EXERCISE DIRECTIONS: With the images removed, write out every line below exactly.

RECORDS SUPPLIED:
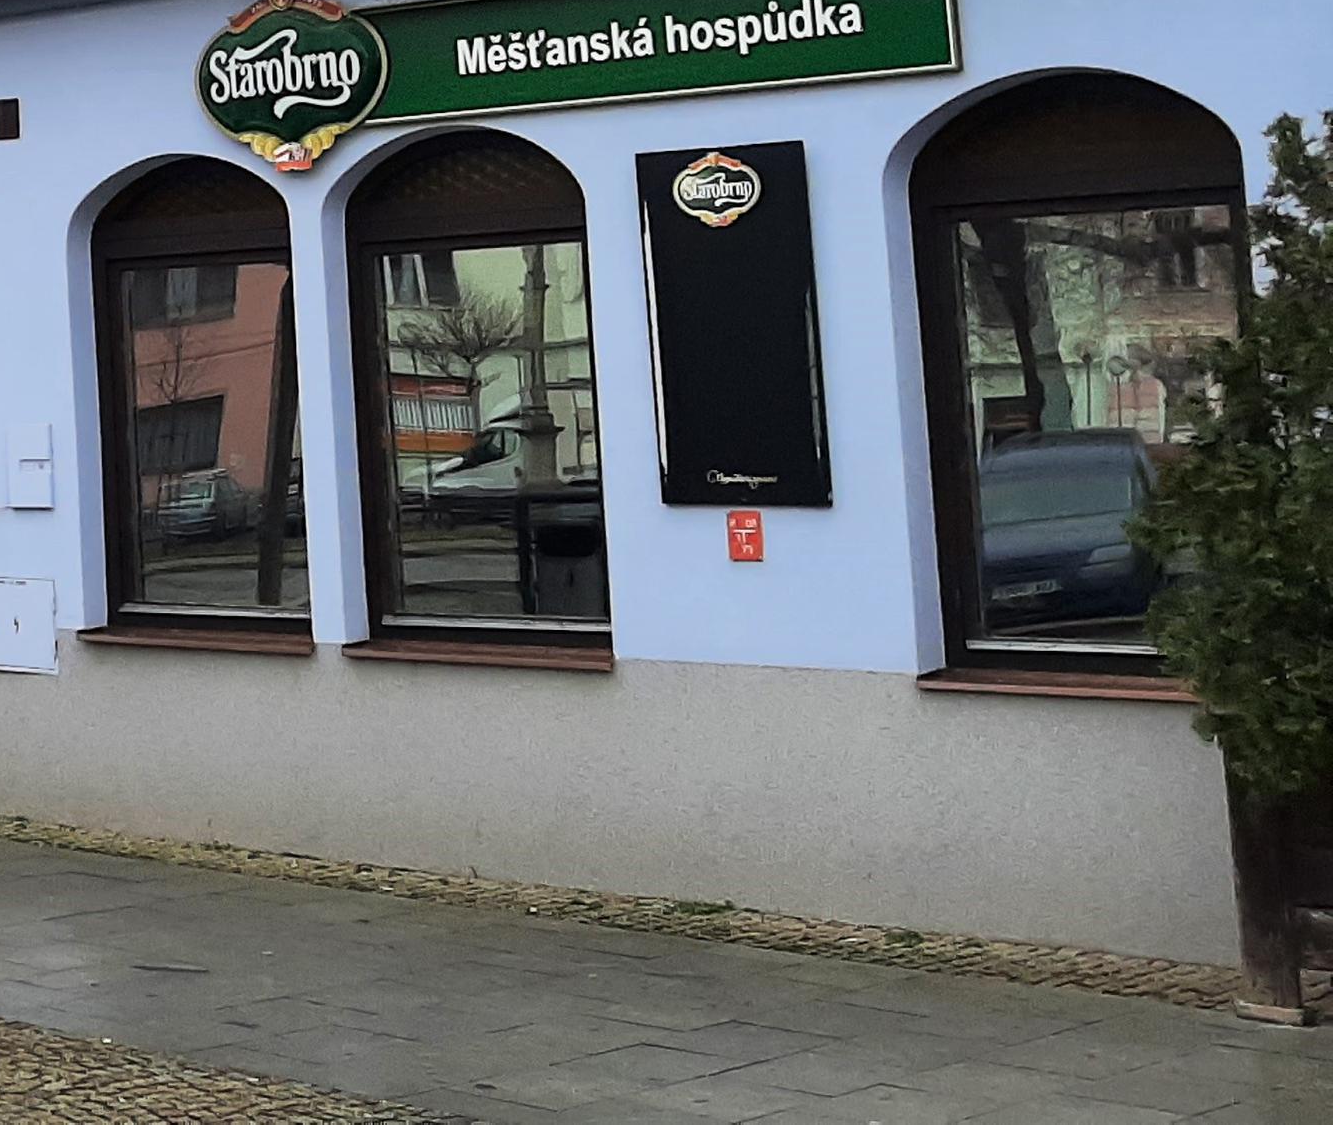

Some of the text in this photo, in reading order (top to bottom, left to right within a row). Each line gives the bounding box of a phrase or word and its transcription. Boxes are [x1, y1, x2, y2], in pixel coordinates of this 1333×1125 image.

[209, 29, 361, 120] Starobrno
[456, 17, 655, 76] Měšťanská
[679, 172, 753, 207] Starobrno
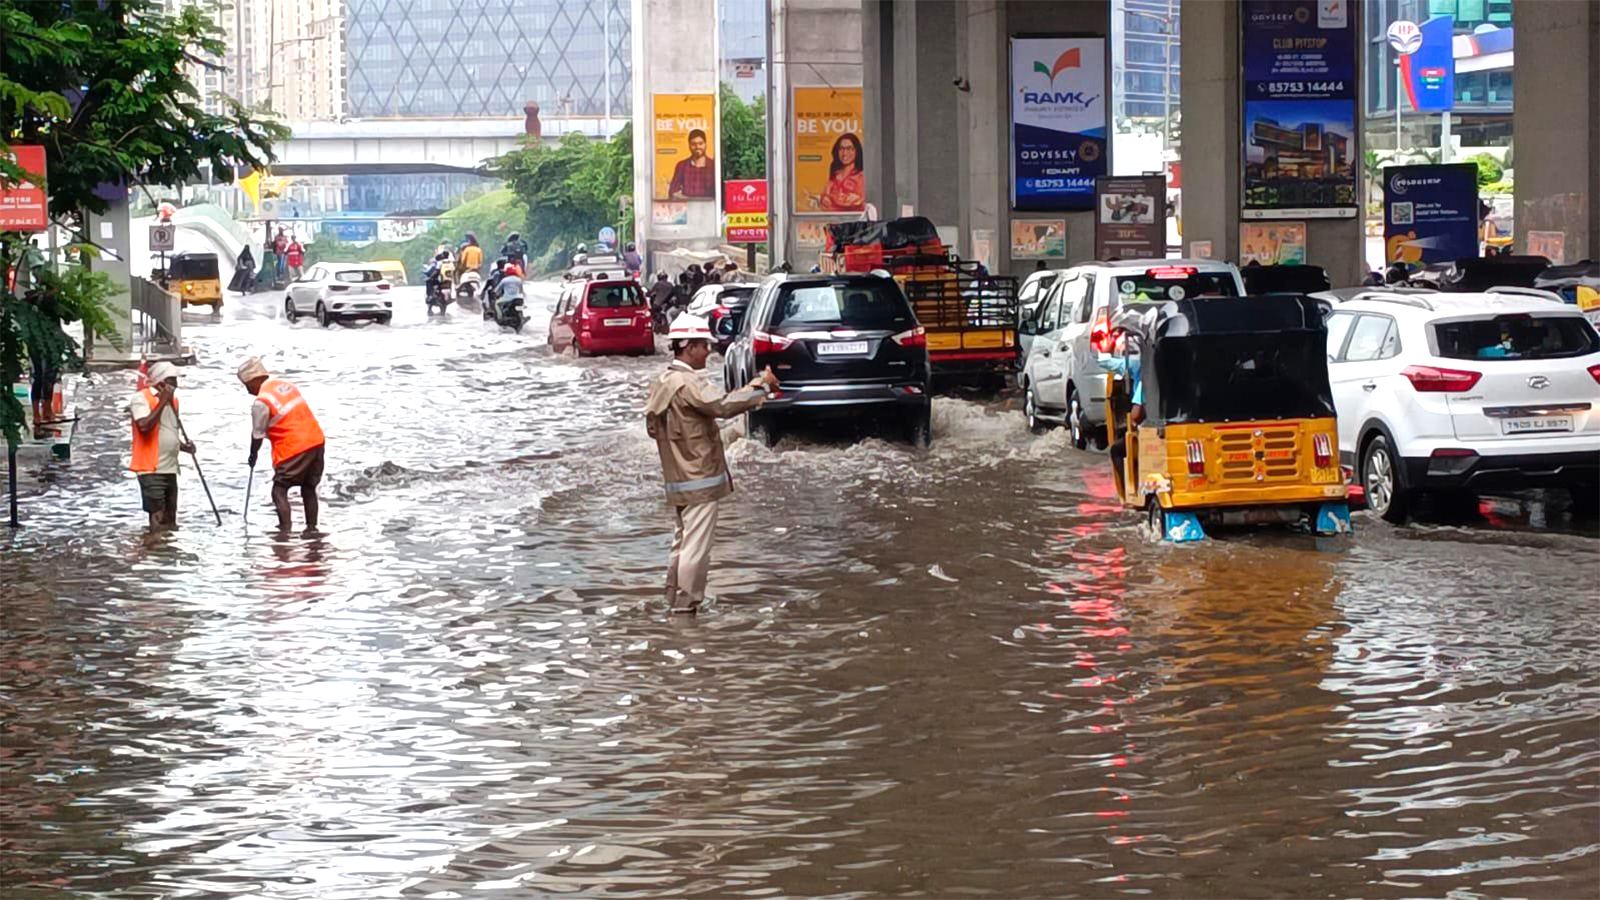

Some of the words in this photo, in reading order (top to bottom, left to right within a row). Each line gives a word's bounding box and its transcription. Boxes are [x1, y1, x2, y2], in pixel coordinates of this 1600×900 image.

[1398, 22, 1415, 35] HP
[1268, 82, 1304, 92] 85753
[1307, 81, 1344, 91] 14444
[797, 118, 817, 133] BE
[1021, 150, 1077, 160] ODYSSEY
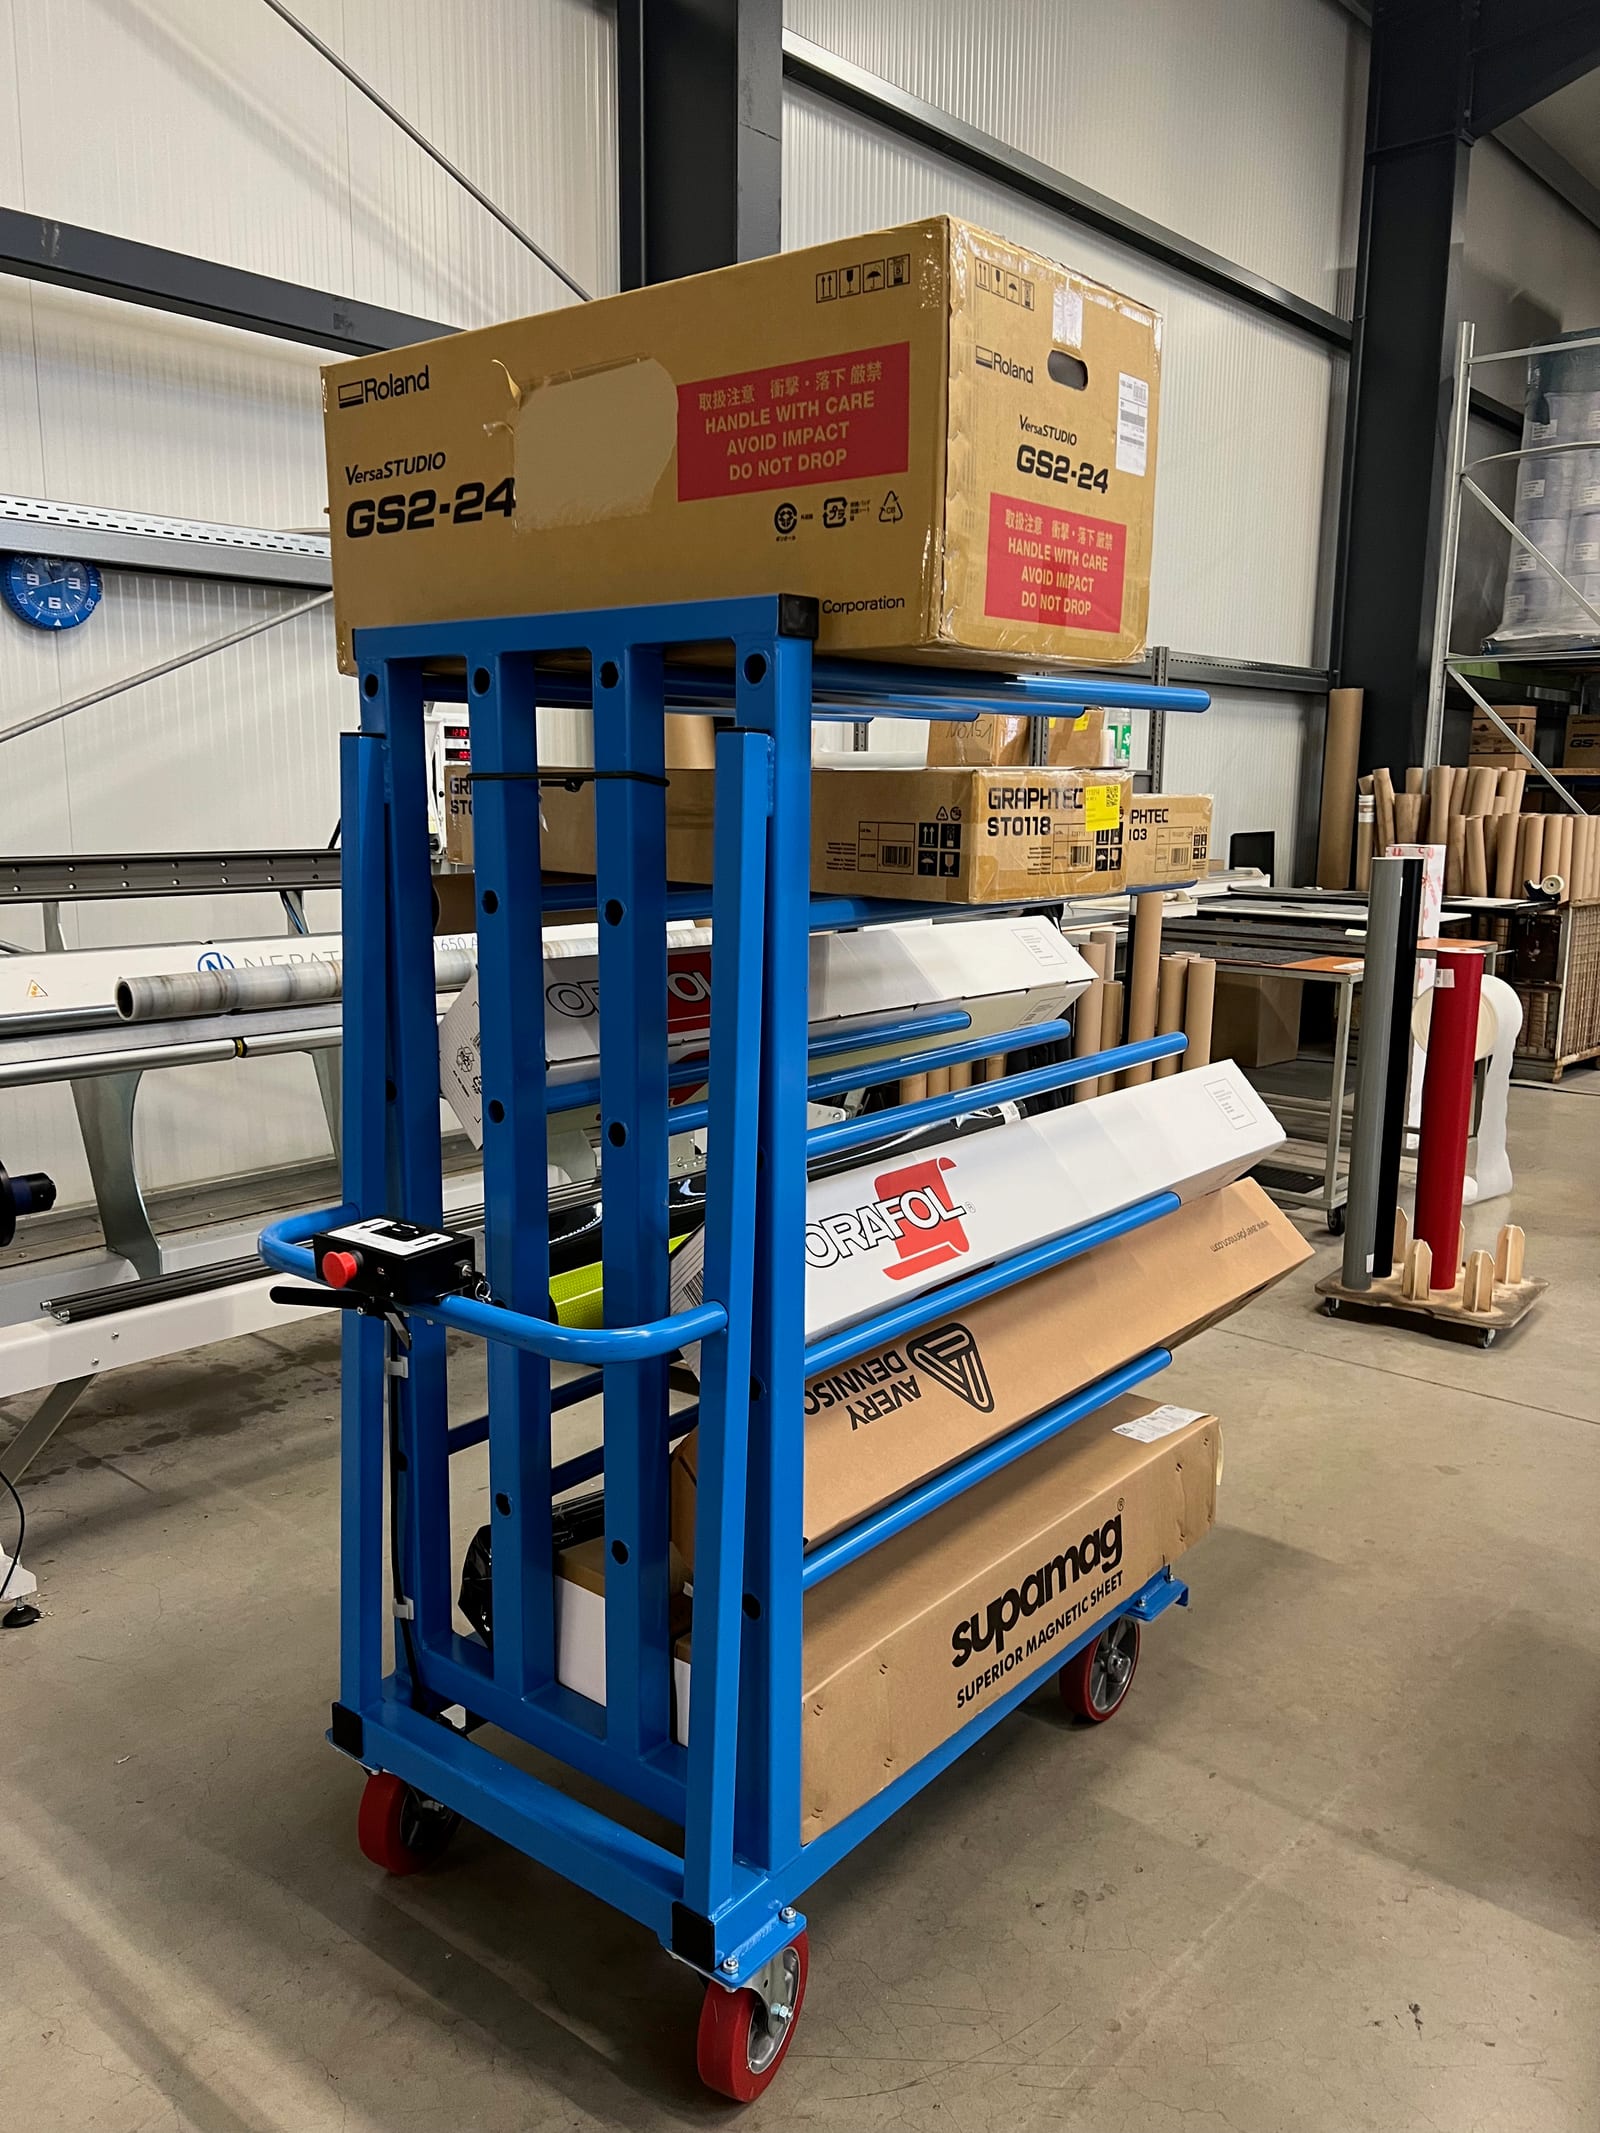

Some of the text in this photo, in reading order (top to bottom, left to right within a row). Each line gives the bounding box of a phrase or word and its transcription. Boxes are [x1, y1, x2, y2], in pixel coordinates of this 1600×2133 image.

[364, 364, 430, 403] Roland
[993, 351, 1034, 384] Roland
[698, 384, 755, 412] 取扱注意
[705, 390, 875, 435] HANDLE WITH CARE
[727, 421, 850, 456] AVOID IMPACT
[1019, 413, 1078, 446] VersaSTUDIO
[345, 451, 446, 486] VersaSTUDIO
[729, 448, 848, 481] DO NOT DROP
[1016, 444, 1109, 494] GS2-24
[346, 477, 516, 539] GS2-24
[1008, 537, 1109, 572] HANDLE WITH CARE
[1021, 565, 1095, 593] AVOID IMPACT
[48, 596, 62, 609] 6
[822, 595, 905, 615] Corporation
[1021, 590, 1092, 615] DO NOT DROP
[988, 787, 1083, 810] GRAPHTEC
[1130, 808, 1169, 824] PHTEC
[805, 1185, 967, 1268] ORAFOL
[845, 1374, 922, 1431] AVERY
[951, 1513, 1123, 1668] supamag
[956, 1569, 1123, 1709] SUPERIOR MAGNETIC SHEET

YOUR RESPONSE:
Some of the text in this photo, in reading order (top to bottom, left to right within a row). Each line gives the bounding box of a phrase or word and its transcription. Boxes are [x1, y1, x2, y2], in pixel coordinates of this 1333×1125 image.

[209, 29, 361, 120] Starobrno
[456, 17, 655, 76] Měšťanská
[679, 172, 753, 207] Starobrno

Some of the words in this photo, in reading order (top to bottom, left to right within a row). Each line gives a word's bounding box and its transcription. Boxes are [x1, y1, x2, y2], in pixel coordinates of this 1600×900 image.

[1398, 22, 1415, 35] HP
[1268, 82, 1304, 92] 85753
[1307, 81, 1344, 91] 14444
[797, 118, 817, 133] BE
[1021, 150, 1077, 160] ODYSSEY

Some of the text in this photo, in reading order (top to bottom, left to right within a row). Each line gives the bounding box of a phrase or word and its transcription. Boxes are [x1, y1, x2, y2], in pixel coordinates of this 1600×2133 image.

[364, 364, 430, 403] Roland
[993, 351, 1034, 384] Roland
[698, 384, 755, 412] 取扱注意
[705, 390, 875, 435] HANDLE WITH CARE
[727, 421, 850, 456] AVOID IMPACT
[1019, 413, 1078, 446] VersaSTUDIO
[345, 451, 446, 486] VersaSTUDIO
[729, 448, 848, 481] DO NOT DROP
[1016, 444, 1109, 494] GS2-24
[346, 477, 516, 539] GS2-24
[1008, 537, 1109, 572] HANDLE WITH CARE
[1021, 565, 1095, 593] AVOID IMPACT
[48, 596, 62, 609] 6
[822, 595, 905, 615] Corporation
[1021, 590, 1092, 615] DO NOT DROP
[988, 787, 1083, 810] GRAPHTEC
[1130, 808, 1169, 824] PHTEC
[805, 1185, 967, 1268] ORAFOL
[845, 1374, 922, 1431] AVERY
[951, 1513, 1123, 1668] supamag
[956, 1569, 1123, 1709] SUPERIOR MAGNETIC SHEET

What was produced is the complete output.